The Burnout

I’d be untruthful if I didn’t admit that I’ve stumbled, I’ve struggled, and I’ve failed to do what I set out to achieve in these last work-filled 3 months.

But I’ll tell you what I know now to be true:

It’s always been easier for me to run away from what haunts me, challenges me, frustrates me… including, now I see, the work I believe I am meant to do.

The burnout that I experienced from my college experience was real — and it was excruciating.  (We don’t talk about that feeling, I think, as much as we should.) Every fiber in my being was soooo done with school when I sauntered off that stage in May, even though I finished top of my class, summa cum laude style, with much to be proud and grateful for. 

I don’t think I even had the words to describe how scraped-to-the-bone I felt until now.
Enlight183
this and/or that

To ease my exhaustion from all that I had accomplished in those 4 whirring years, the summer of a lifetime came right in the nick of time: a southwest vacay with two of my best gal pals, a surprise trip out of the country to southeast Asia again, and a whole 2 months in my favorite part of the country.

Coming back from California a second time had me feeling all sorts of ways, especially after I finally opened up to the feeling of joy in my life. As someone who has previously used school, hard work, and all-consuming subject matters as an outward outlet for my internal anxiety, this no-strings-attached joy was something just so beautiful, I couldn’t resist. 

I loved that feeling of inner freedom so much, I didn’t want to let that feeling go. 

I was happy — unabashedly — for the first time since before my fall from innocence and grace at the frightfully young age of 13.  

And so I started to abandon the causes that, while painfully heartbreaking, had given me so much motivation and fiery passion in my ‘becoming’ years of college. 

I tore down all the posters that urged collective action for sustaining our Earth. I de-cluttered all the science posters and academic theory books from my room. I purged myself of reminders that we as a collective society are failing our Earth, our home.  

Deny. Deny. Deny. 

I over-involved myself in work, in relationships, in shiny new objects… in taking the time to be away from it all for a while. 

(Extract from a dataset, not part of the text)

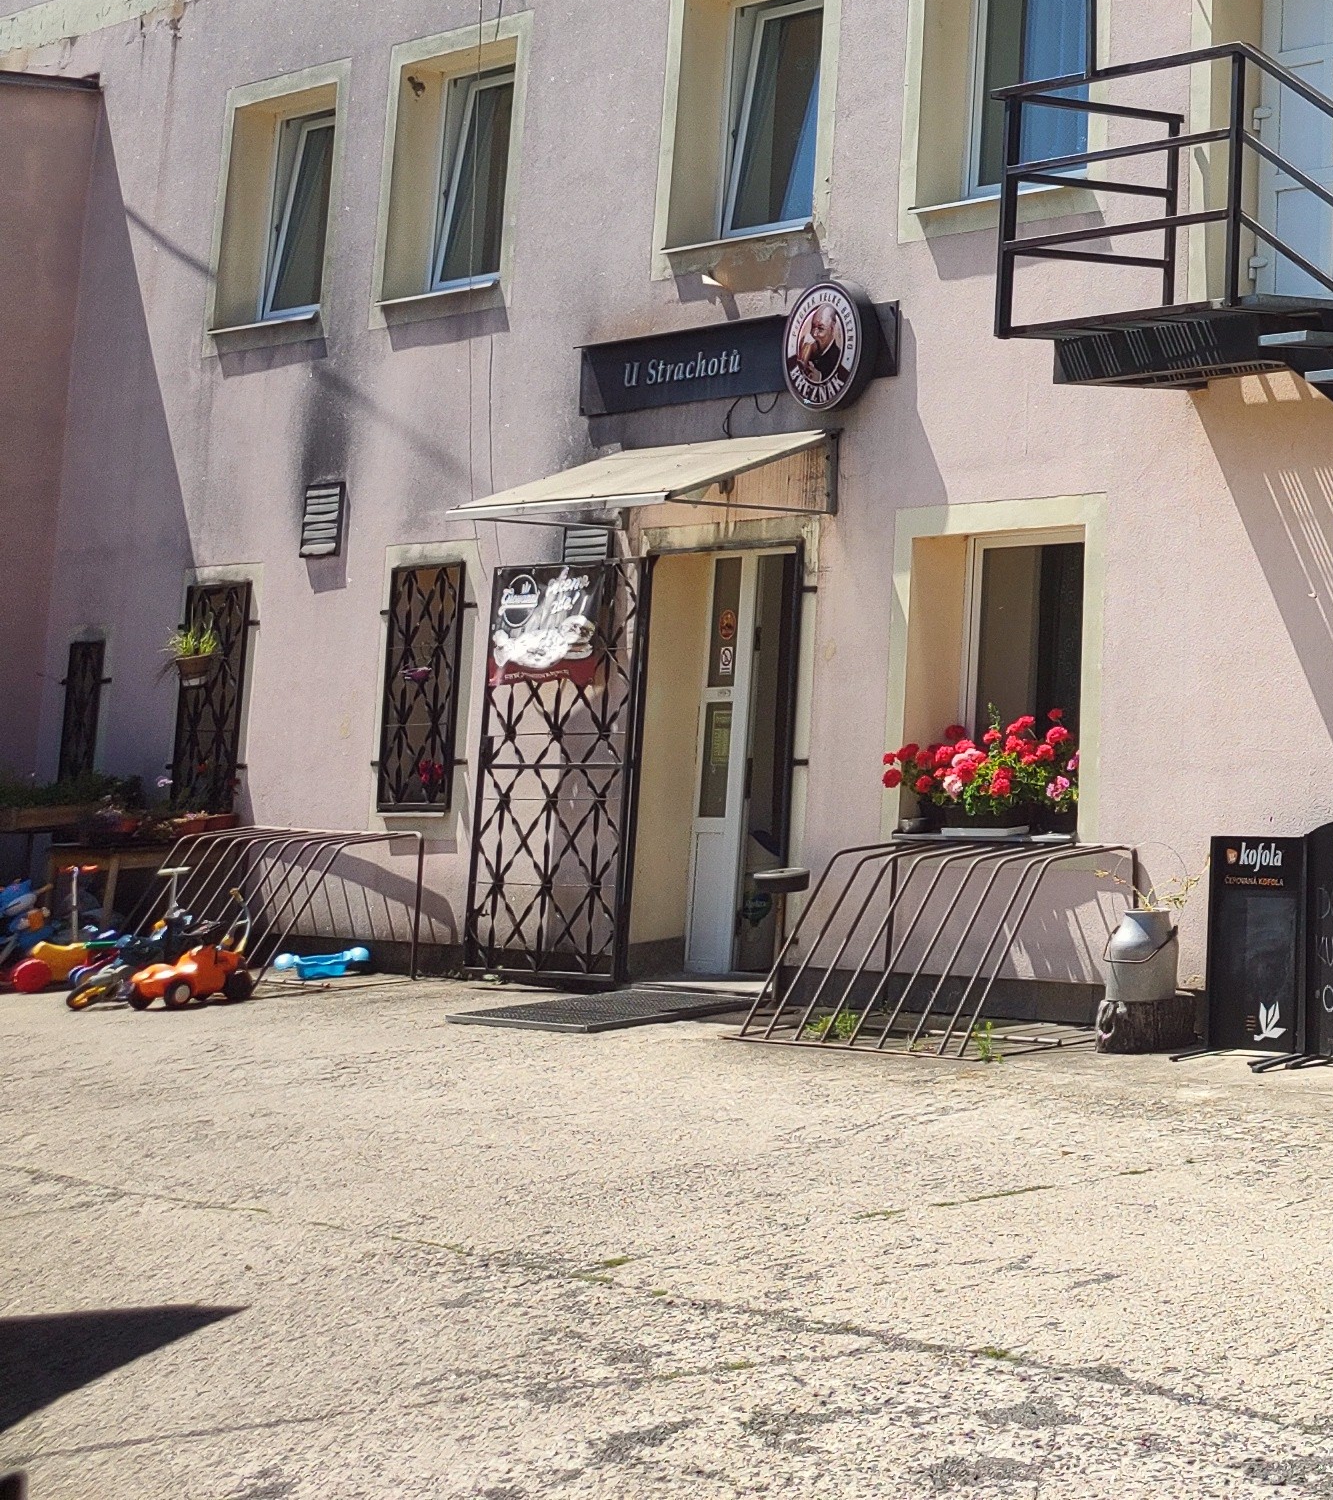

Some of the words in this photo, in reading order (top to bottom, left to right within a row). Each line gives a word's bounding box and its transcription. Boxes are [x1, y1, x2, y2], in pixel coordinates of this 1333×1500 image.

[624, 362, 639, 387] U
[646, 349, 740, 385] Strachotů
[1239, 842, 1283, 872] kofola

I needed a break. Anyone who knows me knows that I rarely let myself have a ‘downbeat’ moment in my crazy rush of living. 

But… I know now that I tried to run away from all that I’ve learned and know. Because it makes me sad. Because I was burned out and scared. 

I drove myself so far away from who I had started to become — all because I was fearful. 

Fearful of commitment. Fearful of the future. Fearful of being ‘that person’ who cared too much, too constantly, for the rest of my life. Joy-deprived. Sleep-deprived. For the sake of some kind of reputation that I still have problems with. 

I didn’t know it at the time, but my knee-jerk reaction of starving myself — previously of creative freedom, nutrition, and the pursuit of happiness — is exactly what I am doing now towards the work that I felt all-too-important less than 6 months ago. 

Deny. Deny. Deny. 

It all came rushing back to me, like the floodwaters over a broken dam, when I found myself trying to muster up the pep to apply for a student affairs job at a university I unapologetically turned down less than 5 years ago. 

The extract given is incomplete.